WORK INSTRUCTION:
Omitting the pictures, restate all of the entries below exactly.

DATA SECTION:
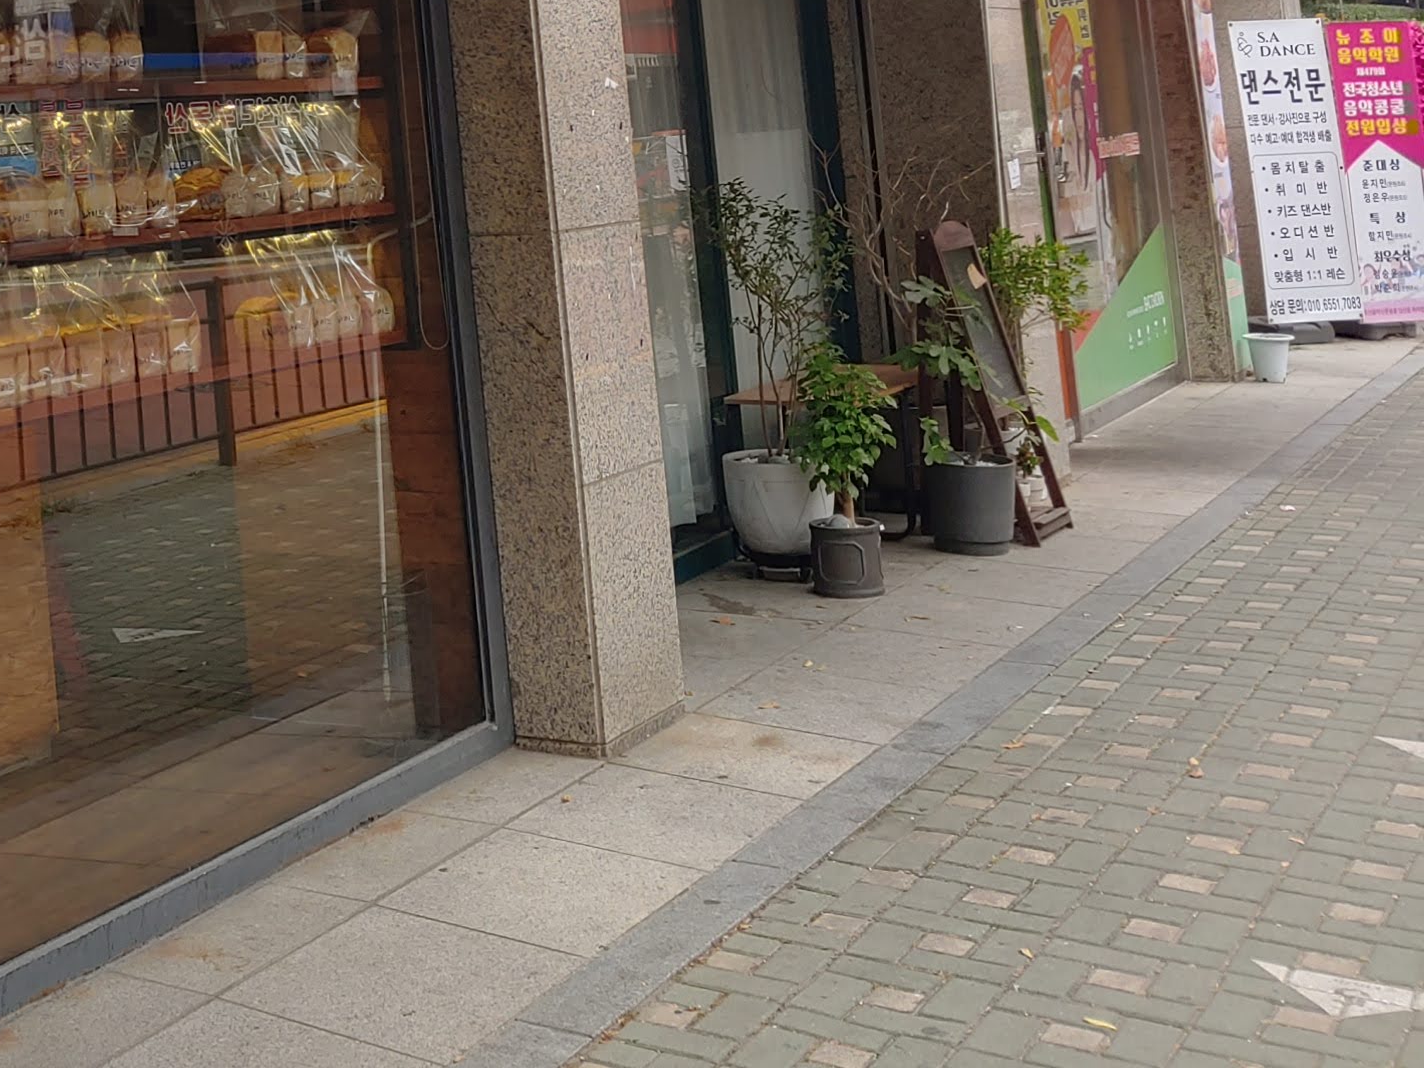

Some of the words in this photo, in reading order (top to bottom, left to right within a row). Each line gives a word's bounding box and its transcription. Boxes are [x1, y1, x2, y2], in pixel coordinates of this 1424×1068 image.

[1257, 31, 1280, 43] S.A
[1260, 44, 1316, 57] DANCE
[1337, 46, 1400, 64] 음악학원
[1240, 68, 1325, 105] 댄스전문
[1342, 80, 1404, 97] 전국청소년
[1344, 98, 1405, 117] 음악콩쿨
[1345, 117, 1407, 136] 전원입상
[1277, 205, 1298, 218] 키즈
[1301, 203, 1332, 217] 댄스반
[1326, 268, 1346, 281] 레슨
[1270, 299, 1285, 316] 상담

ANSWER SECTION:
Some of the words in this photo, in reading order (top to bottom, left to right within a row). Each line gives a word's bounding box and its transcription. Boxes are [x1, y1, x2, y2], in pixel coordinates of this 1424×1068 image.

[1257, 31, 1280, 43] S.A
[1260, 44, 1316, 57] DANCE
[1337, 46, 1400, 64] 음악학원
[1240, 68, 1325, 105] 댄스전문
[1342, 80, 1404, 97] 전국청소년
[1344, 98, 1405, 117] 음악콩쿨
[1345, 117, 1407, 136] 전원입상
[1277, 205, 1298, 218] 키즈
[1301, 203, 1332, 217] 댄스반
[1326, 268, 1346, 281] 레슨
[1270, 299, 1285, 316] 상담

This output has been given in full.